DHAKA: A majority of Europeans and Americans strongly oppose their countries intervening militarily in Syria’s 30-month-old civil war, according to a transatlantic poll published on Wednesday.
‘Transatlantic Trends’, an annual survey of public opinion in the United States and Europe, also found that China’s image in both continents was deteriorating and most Europeans did not want to see Beijing take strong leadership in world affairs.
The survey, by the German Marshall Fund of the United States, a US think tank that promotes cooperation between North America and Europe, and the Compagnia di San Paolo, an Italy-based private foundation, measured public opinion in 11 European Union countries, Turkey and the United States.

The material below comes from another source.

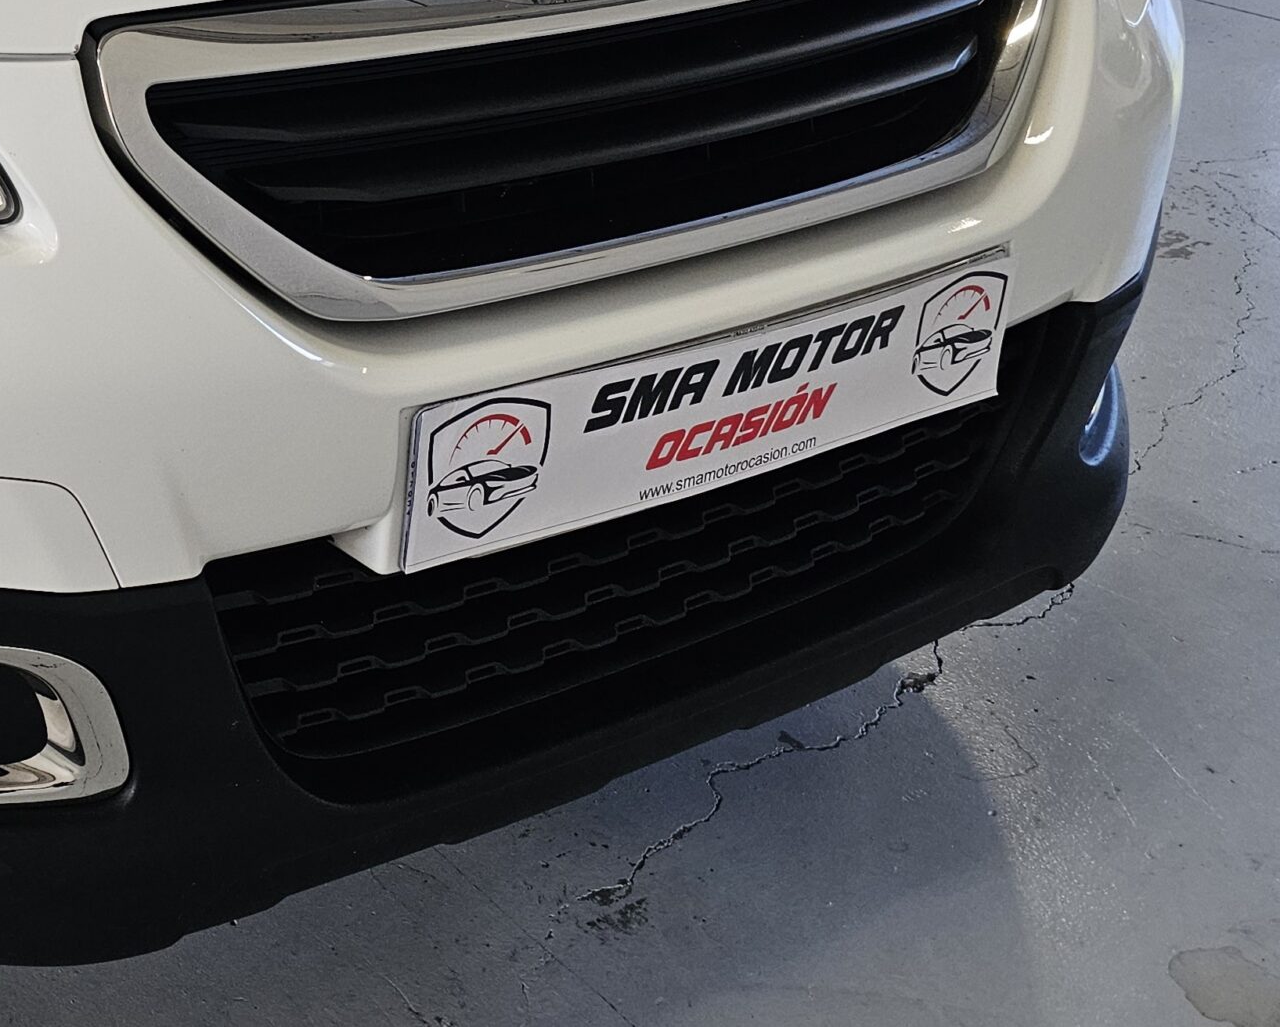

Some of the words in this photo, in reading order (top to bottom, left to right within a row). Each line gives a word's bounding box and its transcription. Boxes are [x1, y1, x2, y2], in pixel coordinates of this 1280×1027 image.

[583, 359, 720, 433] SMA
[721, 305, 906, 397] MOTOR
[639, 436, 817, 501] www.smamotorocasion.com
[646, 382, 838, 470] OCASIÓN

The poll found 62 percent of Americans and 72 percent of Europeans believed their countries should avoid military intervention in Syria`s civil war, which has killed more than 100,000 people.

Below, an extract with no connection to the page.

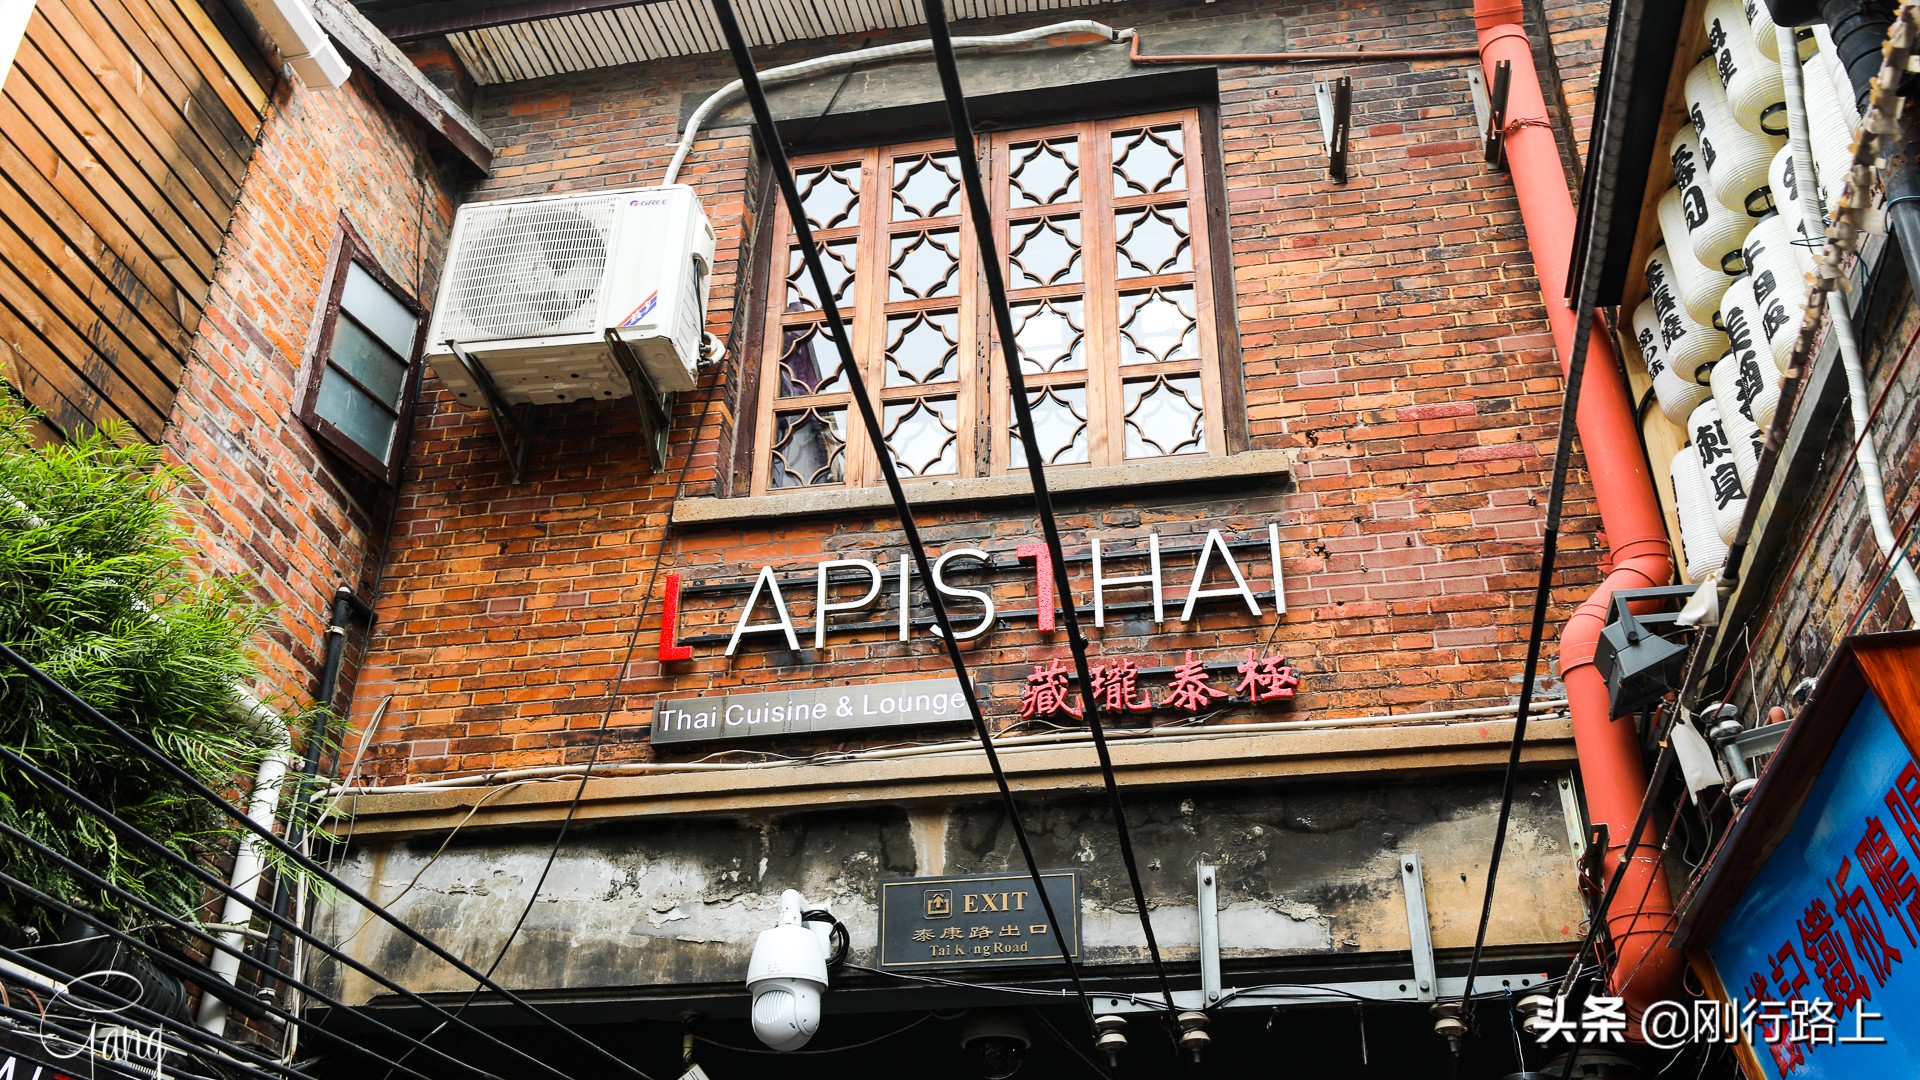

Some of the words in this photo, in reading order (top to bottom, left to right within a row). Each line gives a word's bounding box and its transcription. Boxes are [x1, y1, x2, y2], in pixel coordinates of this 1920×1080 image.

Only 30 percent of Americans and 22 percent of Europeans felt their countries should intervene in Syria.
In Turkey, which borders Syria, 72 percent said their country should stay out, while 21 percent favoured intervention.
In all regions, the survey found a hardening of attitudes against outside intervention, compared with last year.

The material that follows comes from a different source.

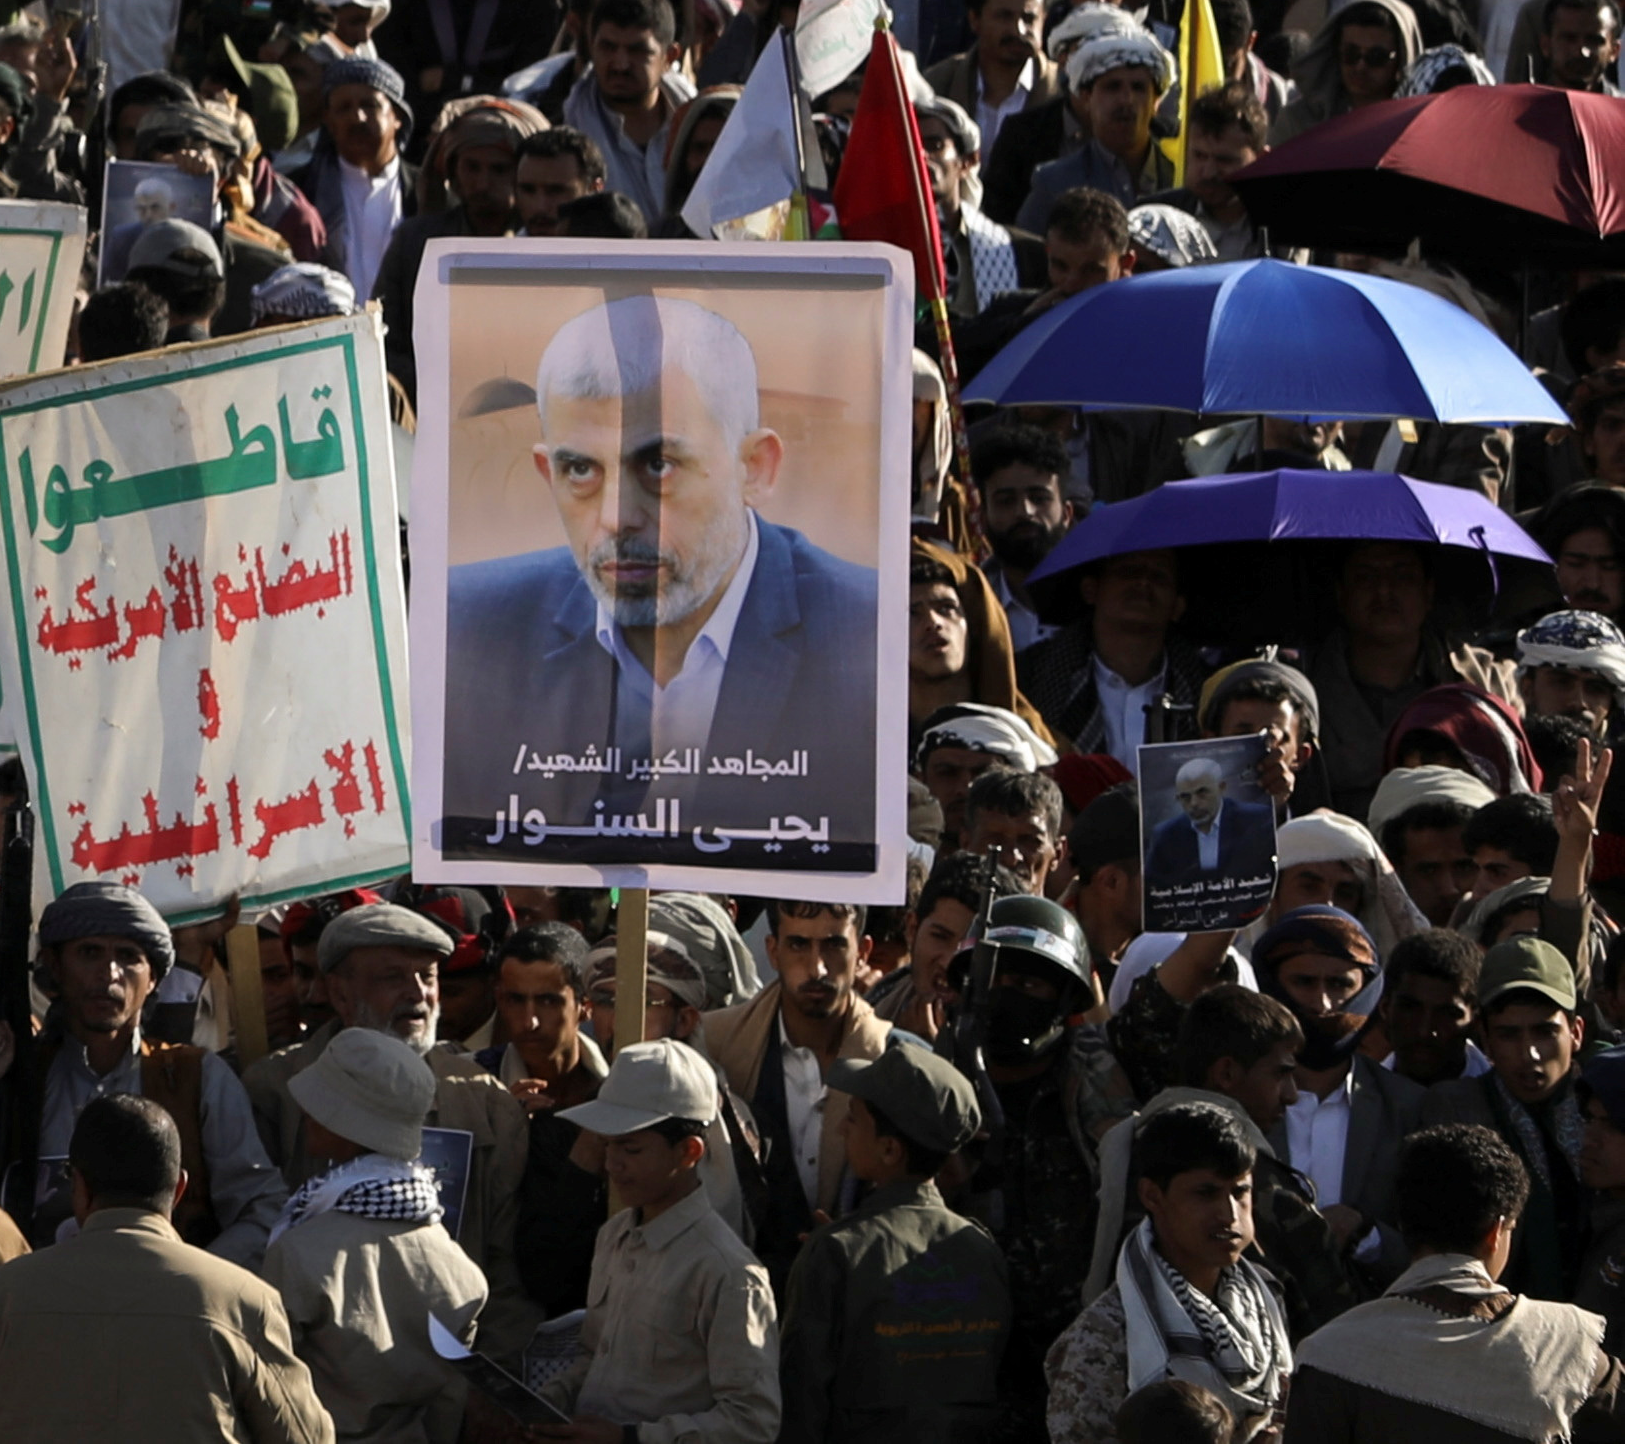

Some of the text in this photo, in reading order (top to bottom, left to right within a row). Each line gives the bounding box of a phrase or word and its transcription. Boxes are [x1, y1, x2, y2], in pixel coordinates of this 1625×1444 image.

Opposition to Western intervention in Syria was reflected in the parliamentary defeat British prime minister David Cameron suffered last month, when he sought approval for a motion that would have authorized military action in principle.
The United States and Russia agreed last Saturday on a proposal to eliminate Syria’s chemical weapons arsenal, averting the possibility of any immediate US military action.